Spinning and Yoga?

Yes it is a perfect combi!

I have been spinning quite often and sharing my experiences with my course mates in YTT that how fun spinning is and I will never get tired of it. I was also struggling to decide what to write next for my blog post, till one of my course mate (you know who you are!) gave me this idea to write about spinning and yoga. So here it is. 

I have came across articles about yoga and indoor cycling and surprised to learn that it is becoming a trend as more and more studios are starting to integrate spin and yoga into a single class. As I have been spinning quite often, sometimes I wonder if spinning too much will be detrimental to my knee joints, and over engagement of my quads and hamstrings, or may even cause shortness of breath easily as it is considered as an anaerobic exercise (high intensity version of workout). 
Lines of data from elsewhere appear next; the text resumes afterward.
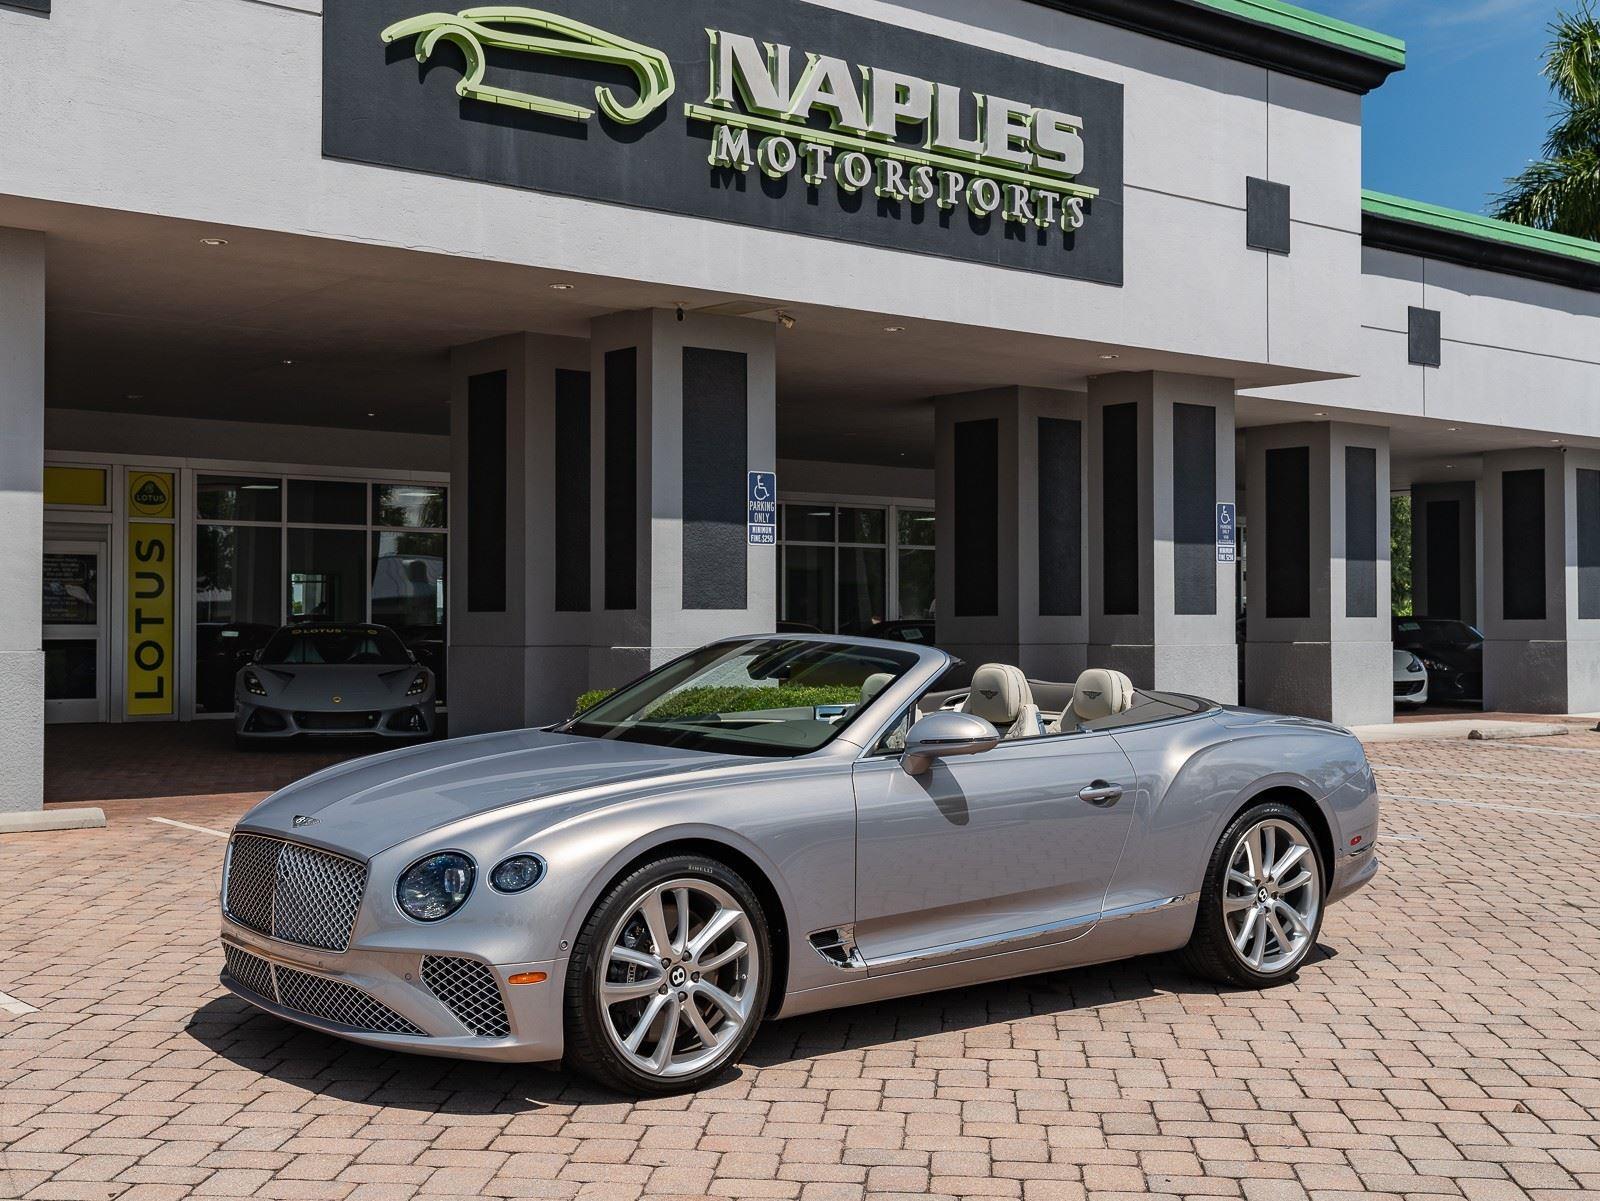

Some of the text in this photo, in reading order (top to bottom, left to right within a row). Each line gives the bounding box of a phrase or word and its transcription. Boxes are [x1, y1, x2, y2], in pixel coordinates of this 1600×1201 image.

[705, 28, 1084, 178] NAPLES
[708, 124, 1085, 231] MOTORSPORTS
[136, 494, 165, 502] LOTUS
[749, 501, 775, 512] PARKING
[754, 513, 770, 523] ONLY
[750, 534, 761, 542] FINE
[134, 539, 165, 699] LOTUS
[672, 968, 685, 984] B
Actually, there are so many benefits of spinning which will help in our Yoga practice, vice versa. Some of the benefits of spinning are:

  • It can help to build endurance and stamina
  • Increase strength and bone density
  • Reduce the risk of Osteoporosis
  • Helps to boost metabolism and lose weight
  • Strengthening of heart. 
  • Improve balancing skills, as in most spin classes, the spin instructor will have you stand up and down in the bike saddle while still peddling. This would require you use your core to prevent your
  • It also helps in achieving a nice figure as it trains the full body, lifting of your gluts and core muscles too. Some classes even incorporate the use of hand weights for adding resistance to train your upper body. 
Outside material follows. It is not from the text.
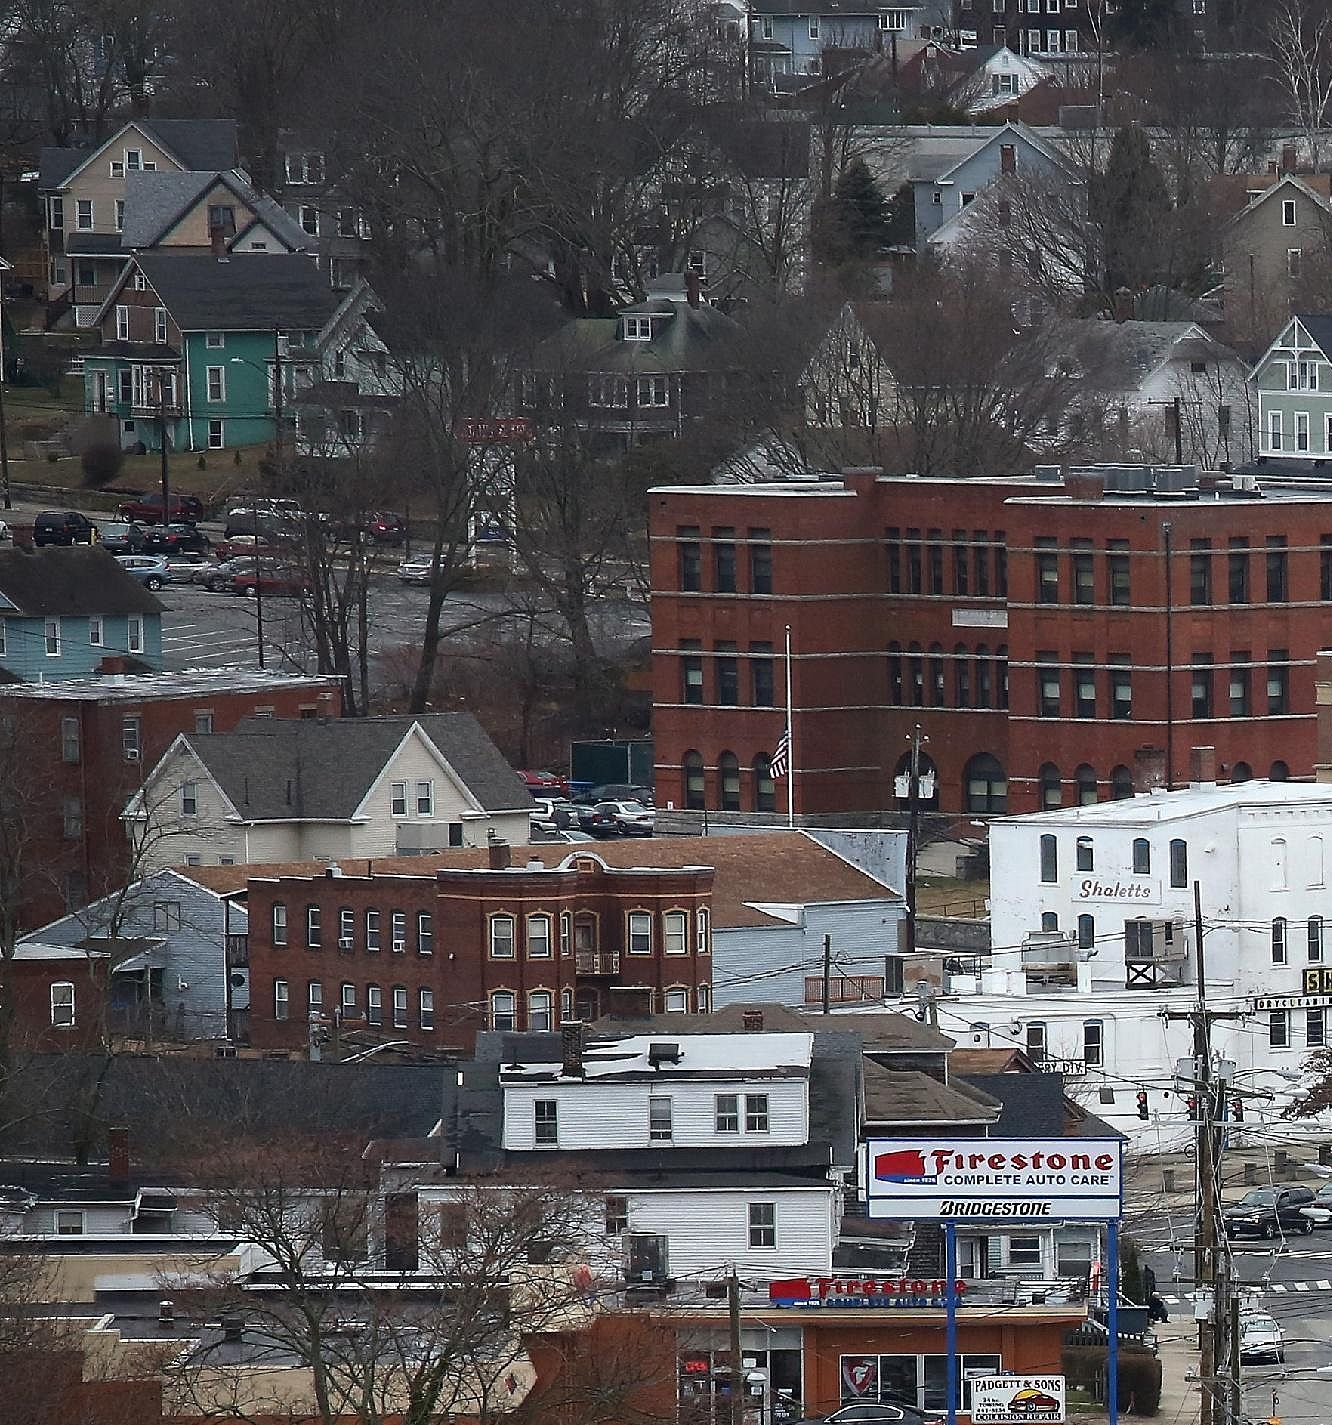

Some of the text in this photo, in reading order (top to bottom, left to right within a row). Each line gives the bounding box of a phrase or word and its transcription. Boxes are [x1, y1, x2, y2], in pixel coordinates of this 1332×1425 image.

Of course there is a limit to everything. Try to refrain from spinning more than 3 times a week, as it may cause strain on your muscles and tightened overtime. Hence, Yoga will help to bring the body back into perfect balance. I have been spinning 2-3 times (45 mins per class) a week and would sometimes practise Yoga for at least 10-15 minutes after each spin class. From yoga, tightened/overactive muscles will be naturally stretched and lengthened, and underactive muscles will be strengthened. It is amazing as I only came to realise now that this is the reason why I hardly have muscle aches anymore. 

Yoga or Spin first?

For best results, do yoga after spin will be more effective as your body is already warmed up. Yoga after spin class can help to heal your muscles, increase your strength and flexibility. If it has been a few hours since you cycled like myself (to rest or work), good to start with at least three rounds of Sun Salutations to warm yourself up. As hip flexes will be tight from riding on the bike, here are some of the post-spin poses, which are mainly hip openers that will help in lengthening your hip flexor muscles. Do not forget your consistent pranayama throughout the practice to slow your heart rate down. 

1) Low lunge/ Lizard pose 

2) Wide angle seated forward bend / standing forward bend 

3) Downward facing dog 

4) Bridge pose 

5) Supine body twist

6) Finally relax in corpse pose. 

If you haven’t thought about Spinning before, perhaps you should! You will enjoy the music and reap the cardio benefits from Spinning that naturally brings ease to our daily yoga regimen! 

Interesting Fact: Do you know that Jennifer Aniston, a Hollywood actress works out every morning by spinning for 30mins and yoga after for 40mins? That’s pretty intense!